The NeXTonian

Objective-C

To understand why Objective-C should make such a difference, to understand why Steve Jobs should go after this proprietary language, it is necessary to go back to the origins of object orientation and see how Objective-C and all the other OO products came about.

First on the field was Simula, a Scandinavian language. Its name implies 'simulations', ie the ability to simulate the real world through the description and implementation of objects.

The Xerox Palo Alto Smalltalk project borrowed from Simula, but rewrote the rules and made object orientation really work. The Smalltalk project was not a production model: their mouse was hardly ready for consumer use, being a hard box with sharp edges - not exactly the type of device that fits comfortably in the hand.

And their language Smalltalk, while effective, was not a production model either: it was interpretive rather than compiled, meaning it got the job done, but it could take considerable time.

The advantages of Smalltalk over Simula were very apparent; readying Smalltalk for the consumer world was a step Brad Cox would have to take.

As C is the fastest language ever, it was obvious the 'compiled' version of Smalltalk should be based on C. Brad Cox used the ability of C to work with a preprocessor to define his 'language' so that the output of a compile would result in C code - which in turn could be compiled as always. This gave the language the necessary speed.

Objective-C and NeXTSTEP have been intertwined from the beginning. NeXT additions to the language, the 175 classes of NeXTSTEP, all add to the power of the environment.

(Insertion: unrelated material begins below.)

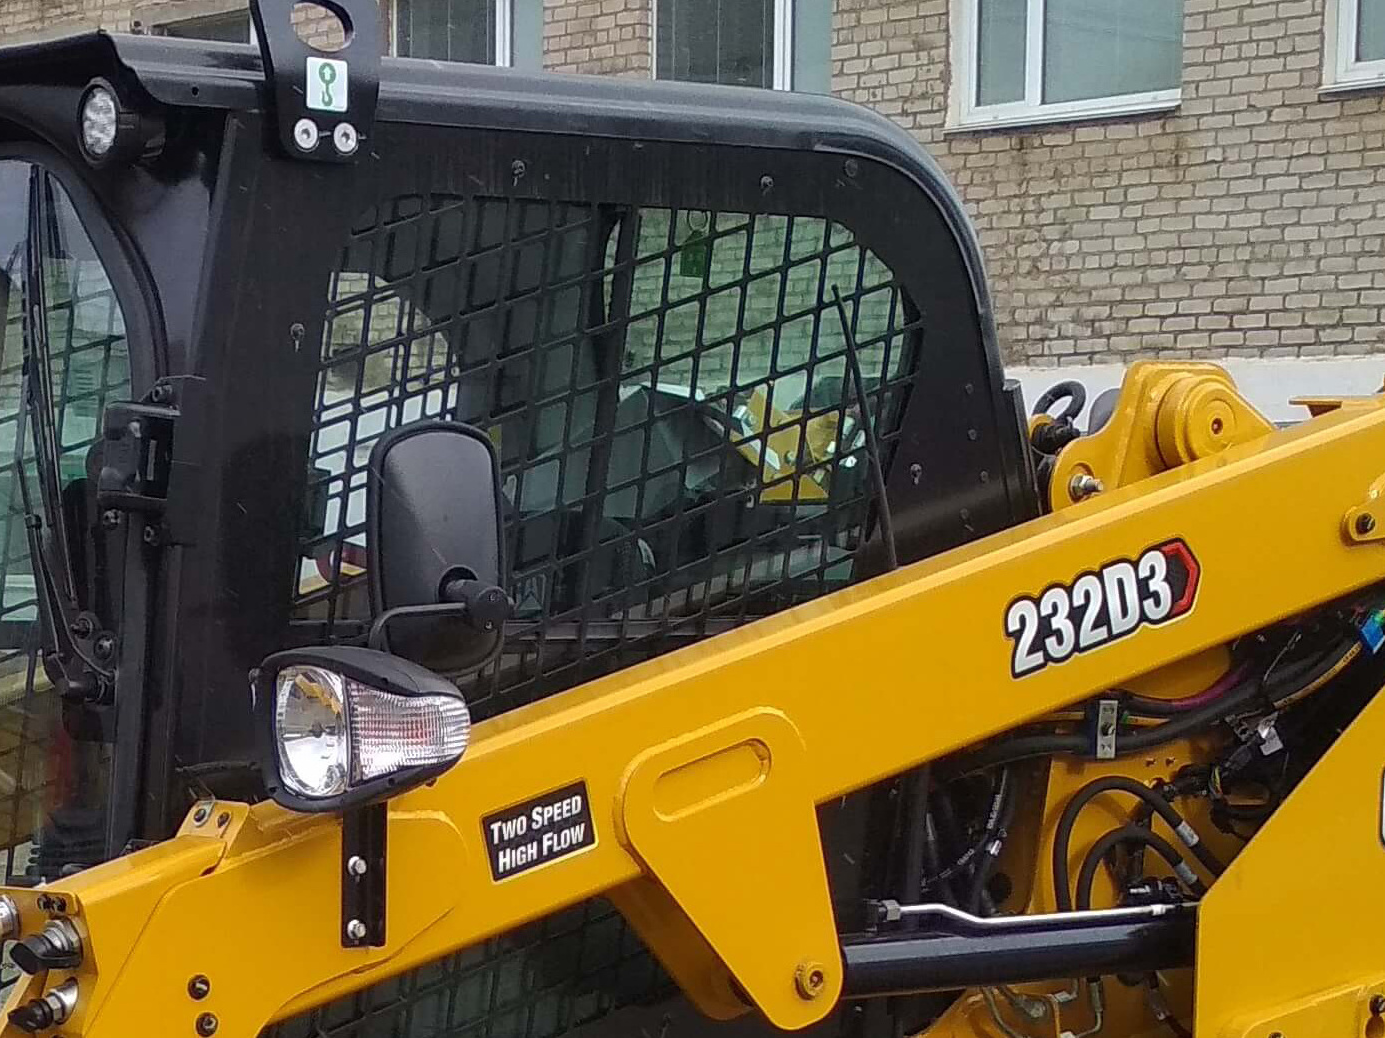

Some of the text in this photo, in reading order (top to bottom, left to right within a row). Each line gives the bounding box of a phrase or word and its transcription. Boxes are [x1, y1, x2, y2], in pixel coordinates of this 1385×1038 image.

And like Smalltalk before it, NeXTSTEP was more than an operating system: it was also a development environment. Creating new programs with Objective-C, with the NeXTSTEP classes, and above all with Jean-Marie Hullot's Interface Builder, was fast and painless, while across town in the C++ camp people were pulling out their hair.

Objective-C sees the activities of the desktop as an interrelation between sovereign objects. These objects communicate at runtime. While other environments and languages such as Windows, C++, KDE and the like have 'messaging', it's not the same thing. Windows messages are just function calls; C++ code is always hard-baked at build time, with no flexibility for runtime contingencies. Linux desktops such as KDE, dependent as they are on C++, are equally handicapped.

If you're going to send messages, then send the messages; otherwise call them by their real name: function calls. But function calls, on a GUI desktop continually in flux, can get you into trouble. Things can happen which mean that seemingly innocuous code causes program crashes.

Other environments, with their function calls masquerading as messages, in practice grab hold of foreign objects and dictate what is going to happen; with Objective-C, objects get messages, and then are free to do whatever they please. It's not hard-baked into the executable; it's all done at runtime, and the receiver of the message has the final say.

Objective-C allows for dynamic typing and dynamic binding. The Apple menu bar is the best example: the same Edit submenu appears for all applications, no matter the context. You always have Undo, Redo, Cut, Copy, Paste, Delete, Select All, Find, Spelling, Speech. Who gets the messages generated by menu selections is not set; it's determined at runtime.

Using a so-called 'responder chain', the system can see if there is anyone ready to respond to these messages, and working from the focal point of the mouse and keyboard, the system finds the first best object to receive the message.

In a graphics program, if you select part of a picture and then choose Cut from the Edit submenu, you'll likely remove the selected part of your picture. If however you are saving your new image to disk and invoke the Cut command, whatever text is selected in your Save As dialog will disappear.

It is this dynamic binding which makes Objective-C and Apple OS X so powerful. Even if Objective-C were not a pleasure to use, it would be the obvious choice; that it's light years away from C++ only makes the prospects brighter.